- _TASK BRIEF_
Repeat the data exactly, so that every line matches the original.

--- --- ---

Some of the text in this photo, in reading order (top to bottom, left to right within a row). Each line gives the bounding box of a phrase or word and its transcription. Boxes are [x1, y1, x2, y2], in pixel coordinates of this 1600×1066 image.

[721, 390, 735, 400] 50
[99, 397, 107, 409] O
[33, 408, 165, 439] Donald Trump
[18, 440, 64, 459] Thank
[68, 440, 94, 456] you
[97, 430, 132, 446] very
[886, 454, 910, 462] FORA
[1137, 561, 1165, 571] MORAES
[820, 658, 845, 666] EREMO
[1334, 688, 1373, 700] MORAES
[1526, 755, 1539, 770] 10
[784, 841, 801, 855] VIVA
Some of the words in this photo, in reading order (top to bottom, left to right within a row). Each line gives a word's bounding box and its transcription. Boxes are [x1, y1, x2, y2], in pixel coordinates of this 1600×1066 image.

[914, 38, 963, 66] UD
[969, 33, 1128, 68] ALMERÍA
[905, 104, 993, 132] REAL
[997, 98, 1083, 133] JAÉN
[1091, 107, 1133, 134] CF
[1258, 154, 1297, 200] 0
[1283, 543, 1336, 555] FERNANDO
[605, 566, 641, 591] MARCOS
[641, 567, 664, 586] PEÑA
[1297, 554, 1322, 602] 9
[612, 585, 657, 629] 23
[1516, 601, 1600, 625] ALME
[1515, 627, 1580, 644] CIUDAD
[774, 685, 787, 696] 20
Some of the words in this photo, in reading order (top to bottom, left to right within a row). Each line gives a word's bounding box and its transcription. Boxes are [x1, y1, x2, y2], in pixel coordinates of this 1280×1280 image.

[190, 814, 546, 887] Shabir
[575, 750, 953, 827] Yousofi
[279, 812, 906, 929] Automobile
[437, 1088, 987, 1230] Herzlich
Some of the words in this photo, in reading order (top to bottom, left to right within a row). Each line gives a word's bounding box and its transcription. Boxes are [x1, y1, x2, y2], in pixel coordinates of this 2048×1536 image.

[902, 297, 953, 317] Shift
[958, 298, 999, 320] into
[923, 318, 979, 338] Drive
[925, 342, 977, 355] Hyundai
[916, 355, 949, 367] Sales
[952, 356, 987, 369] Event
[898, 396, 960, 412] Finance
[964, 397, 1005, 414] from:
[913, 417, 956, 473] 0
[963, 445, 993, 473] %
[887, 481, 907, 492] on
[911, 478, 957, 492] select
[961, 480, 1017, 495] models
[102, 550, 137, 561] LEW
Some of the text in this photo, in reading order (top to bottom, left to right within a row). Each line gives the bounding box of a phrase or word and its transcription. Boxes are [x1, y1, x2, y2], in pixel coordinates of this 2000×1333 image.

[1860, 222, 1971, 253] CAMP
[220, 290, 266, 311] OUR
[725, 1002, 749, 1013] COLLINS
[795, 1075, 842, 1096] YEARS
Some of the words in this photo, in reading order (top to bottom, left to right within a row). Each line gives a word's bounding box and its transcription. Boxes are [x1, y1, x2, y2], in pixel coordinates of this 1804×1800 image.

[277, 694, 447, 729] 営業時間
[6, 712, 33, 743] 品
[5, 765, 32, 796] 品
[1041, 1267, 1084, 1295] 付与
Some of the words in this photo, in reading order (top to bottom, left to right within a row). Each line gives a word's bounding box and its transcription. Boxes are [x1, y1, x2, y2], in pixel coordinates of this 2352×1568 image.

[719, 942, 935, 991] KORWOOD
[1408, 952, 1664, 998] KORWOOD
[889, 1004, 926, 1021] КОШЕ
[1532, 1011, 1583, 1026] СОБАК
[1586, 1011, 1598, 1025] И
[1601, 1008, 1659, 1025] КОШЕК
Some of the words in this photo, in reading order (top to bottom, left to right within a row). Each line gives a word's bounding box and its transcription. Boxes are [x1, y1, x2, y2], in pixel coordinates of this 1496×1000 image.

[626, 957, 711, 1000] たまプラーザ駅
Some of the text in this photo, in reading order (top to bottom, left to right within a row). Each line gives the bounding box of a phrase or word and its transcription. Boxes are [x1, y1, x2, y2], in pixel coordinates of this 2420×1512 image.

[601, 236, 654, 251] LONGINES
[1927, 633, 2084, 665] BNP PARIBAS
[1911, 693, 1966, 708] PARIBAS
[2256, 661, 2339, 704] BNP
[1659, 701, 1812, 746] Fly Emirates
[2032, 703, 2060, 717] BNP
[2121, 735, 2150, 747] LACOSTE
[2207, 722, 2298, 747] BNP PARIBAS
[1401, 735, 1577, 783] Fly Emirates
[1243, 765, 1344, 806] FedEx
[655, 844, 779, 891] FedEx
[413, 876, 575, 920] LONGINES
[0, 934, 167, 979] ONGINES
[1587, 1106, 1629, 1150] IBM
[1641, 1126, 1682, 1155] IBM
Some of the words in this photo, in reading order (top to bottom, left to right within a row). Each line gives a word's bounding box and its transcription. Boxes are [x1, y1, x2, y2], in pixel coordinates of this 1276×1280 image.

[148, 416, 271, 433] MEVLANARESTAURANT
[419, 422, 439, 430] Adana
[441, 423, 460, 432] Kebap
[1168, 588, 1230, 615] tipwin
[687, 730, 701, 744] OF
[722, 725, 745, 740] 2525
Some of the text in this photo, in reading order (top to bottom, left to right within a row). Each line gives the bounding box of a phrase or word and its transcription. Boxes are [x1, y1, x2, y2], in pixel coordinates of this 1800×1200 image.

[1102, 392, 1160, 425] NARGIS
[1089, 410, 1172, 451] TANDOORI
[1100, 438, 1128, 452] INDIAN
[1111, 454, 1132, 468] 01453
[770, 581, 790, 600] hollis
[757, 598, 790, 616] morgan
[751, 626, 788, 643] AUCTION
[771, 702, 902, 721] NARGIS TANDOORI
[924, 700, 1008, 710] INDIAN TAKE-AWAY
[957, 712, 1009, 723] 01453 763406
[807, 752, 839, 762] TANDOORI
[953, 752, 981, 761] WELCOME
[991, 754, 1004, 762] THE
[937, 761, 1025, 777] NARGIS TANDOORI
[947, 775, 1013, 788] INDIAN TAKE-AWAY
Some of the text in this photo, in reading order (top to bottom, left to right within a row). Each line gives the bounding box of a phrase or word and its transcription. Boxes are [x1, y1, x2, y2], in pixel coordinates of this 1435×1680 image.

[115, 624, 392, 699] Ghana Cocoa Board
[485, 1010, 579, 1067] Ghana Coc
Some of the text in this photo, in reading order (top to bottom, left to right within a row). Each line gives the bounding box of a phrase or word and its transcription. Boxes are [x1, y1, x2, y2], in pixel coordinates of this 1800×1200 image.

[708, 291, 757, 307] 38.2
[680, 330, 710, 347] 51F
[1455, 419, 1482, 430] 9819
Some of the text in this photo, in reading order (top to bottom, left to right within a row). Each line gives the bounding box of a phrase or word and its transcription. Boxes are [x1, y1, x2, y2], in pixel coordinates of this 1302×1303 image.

--- --- ---

- _RESPONSE TO THIS EXERCISE_
Some of the text in this photo, in reading order (top to bottom, left to right within a row). Each line gives the bounding box of a phrase or word and its transcription. Boxes are [x1, y1, x2, y2], in pixel coordinates of this 1600×1066 image.

[721, 390, 735, 400] 50
[99, 397, 107, 409] O
[33, 408, 165, 439] Donald Trump
[18, 440, 64, 459] Thank
[68, 440, 94, 456] you
[97, 430, 132, 446] very
[886, 454, 910, 462] FORA
[1137, 561, 1165, 571] MORAES
[820, 658, 845, 666] EREMO
[1334, 688, 1373, 700] MORAES
[1526, 755, 1539, 770] 10
[784, 841, 801, 855] VIVA
Some of the words in this photo, in reading order (top to bottom, left to right within a row). Each line gives a word's bounding box and its transcription. Boxes are [x1, y1, x2, y2], in pixel coordinates of this 1600×1066 image.

[914, 38, 963, 66] UD
[969, 33, 1128, 68] ALMERÍA
[905, 104, 993, 132] REAL
[997, 98, 1083, 133] JAÉN
[1091, 107, 1133, 134] CF
[1258, 154, 1297, 200] 0
[1283, 543, 1336, 555] FERNANDO
[605, 566, 641, 591] MARCOS
[641, 567, 664, 586] PEÑA
[1297, 554, 1322, 602] 9
[612, 585, 657, 629] 23
[1516, 601, 1600, 625] ALME
[1515, 627, 1580, 644] CIUDAD
[774, 685, 787, 696] 20
Some of the words in this photo, in reading order (top to bottom, left to right within a row). Each line gives a word's bounding box and its transcription. Boxes are [x1, y1, x2, y2], in pixel coordinates of this 1280×1280 image.

[190, 814, 546, 887] Shabir
[575, 750, 953, 827] Yousofi
[279, 812, 906, 929] Automobile
[437, 1088, 987, 1230] Herzlich
Some of the words in this photo, in reading order (top to bottom, left to right within a row). Each line gives a word's bounding box and its transcription. Boxes are [x1, y1, x2, y2], in pixel coordinates of this 2048×1536 image.

[902, 297, 953, 317] Shift
[958, 298, 999, 320] into
[923, 318, 979, 338] Drive
[925, 342, 977, 355] Hyundai
[916, 355, 949, 367] Sales
[952, 356, 987, 369] Event
[898, 396, 960, 412] Finance
[964, 397, 1005, 414] from:
[913, 417, 956, 473] 0
[963, 445, 993, 473] %
[887, 481, 907, 492] on
[911, 478, 957, 492] select
[961, 480, 1017, 495] models
[102, 550, 137, 561] LEW
Some of the text in this photo, in reading order (top to bottom, left to right within a row). Each line gives the bounding box of a phrase or word and its transcription. Boxes are [x1, y1, x2, y2], in pixel coordinates of this 2000×1333 image.

[1860, 222, 1971, 253] CAMP
[220, 290, 266, 311] OUR
[725, 1002, 749, 1013] COLLINS
[795, 1075, 842, 1096] YEARS
Some of the words in this photo, in reading order (top to bottom, left to right within a row). Each line gives a word's bounding box and its transcription. Boxes are [x1, y1, x2, y2], in pixel coordinates of this 1804×1800 image.

[277, 694, 447, 729] 営業時間
[6, 712, 33, 743] 品
[5, 765, 32, 796] 品
[1041, 1267, 1084, 1295] 付与
Some of the words in this photo, in reading order (top to bottom, left to right within a row). Each line gives a word's bounding box and its transcription. Boxes are [x1, y1, x2, y2], in pixel coordinates of this 2352×1568 image.

[719, 942, 935, 991] KORWOOD
[1408, 952, 1664, 998] KORWOOD
[889, 1004, 926, 1021] КОШЕ
[1532, 1011, 1583, 1026] СОБАК
[1586, 1011, 1598, 1025] И
[1601, 1008, 1659, 1025] КОШЕК
Some of the words in this photo, in reading order (top to bottom, left to right within a row). Each line gives a word's bounding box and its transcription. Boxes are [x1, y1, x2, y2], in pixel coordinates of this 1496×1000 image.

[626, 957, 711, 1000] たまプラーザ駅
Some of the text in this photo, in reading order (top to bottom, left to right within a row). Each line gives the bounding box of a phrase or word and its transcription. Boxes are [x1, y1, x2, y2], in pixel coordinates of this 2420×1512 image.

[601, 236, 654, 251] LONGINES
[1927, 633, 2084, 665] BNP PARIBAS
[1911, 693, 1966, 708] PARIBAS
[2256, 661, 2339, 704] BNP
[1659, 701, 1812, 746] Fly Emirates
[2032, 703, 2060, 717] BNP
[2121, 735, 2150, 747] LACOSTE
[2207, 722, 2298, 747] BNP PARIBAS
[1401, 735, 1577, 783] Fly Emirates
[1243, 765, 1344, 806] FedEx
[655, 844, 779, 891] FedEx
[413, 876, 575, 920] LONGINES
[0, 934, 167, 979] ONGINES
[1587, 1106, 1629, 1150] IBM
[1641, 1126, 1682, 1155] IBM
Some of the words in this photo, in reading order (top to bottom, left to right within a row). Each line gives a word's bounding box and its transcription. Boxes are [x1, y1, x2, y2], in pixel coordinates of this 1276×1280 image.

[148, 416, 271, 433] MEVLANARESTAURANT
[419, 422, 439, 430] Adana
[441, 423, 460, 432] Kebap
[1168, 588, 1230, 615] tipwin
[687, 730, 701, 744] OF
[722, 725, 745, 740] 2525
Some of the text in this photo, in reading order (top to bottom, left to right within a row). Each line gives the bounding box of a phrase or word and its transcription. Boxes are [x1, y1, x2, y2], in pixel coordinates of this 1800×1200 image.

[1102, 392, 1160, 425] NARGIS
[1089, 410, 1172, 451] TANDOORI
[1100, 438, 1128, 452] INDIAN
[1111, 454, 1132, 468] 01453
[770, 581, 790, 600] hollis
[757, 598, 790, 616] morgan
[751, 626, 788, 643] AUCTION
[771, 702, 902, 721] NARGIS TANDOORI
[924, 700, 1008, 710] INDIAN TAKE-AWAY
[957, 712, 1009, 723] 01453 763406
[807, 752, 839, 762] TANDOORI
[953, 752, 981, 761] WELCOME
[991, 754, 1004, 762] THE
[937, 761, 1025, 777] NARGIS TANDOORI
[947, 775, 1013, 788] INDIAN TAKE-AWAY
Some of the text in this photo, in reading order (top to bottom, left to right within a row). Each line gives the bounding box of a phrase or word and its transcription. Boxes are [x1, y1, x2, y2], in pixel coordinates of this 1435×1680 image.

[115, 624, 392, 699] Ghana Cocoa Board
[485, 1010, 579, 1067] Ghana Coc
Some of the text in this photo, in reading order (top to bottom, left to right within a row). Each line gives the bounding box of a phrase or word and its transcription. Boxes are [x1, y1, x2, y2], in pixel coordinates of this 1800×1200 image.

[708, 291, 757, 307] 38.2
[680, 330, 710, 347] 51F
[1455, 419, 1482, 430] 9819
Some of the text in this photo, in reading order (top to bottom, left to right within a row). Each line gives the bounding box of a phrase or word and its transcription. Boxes are [x1, y1, x2, y2], in pixel coordinates of this 1302×1303 image.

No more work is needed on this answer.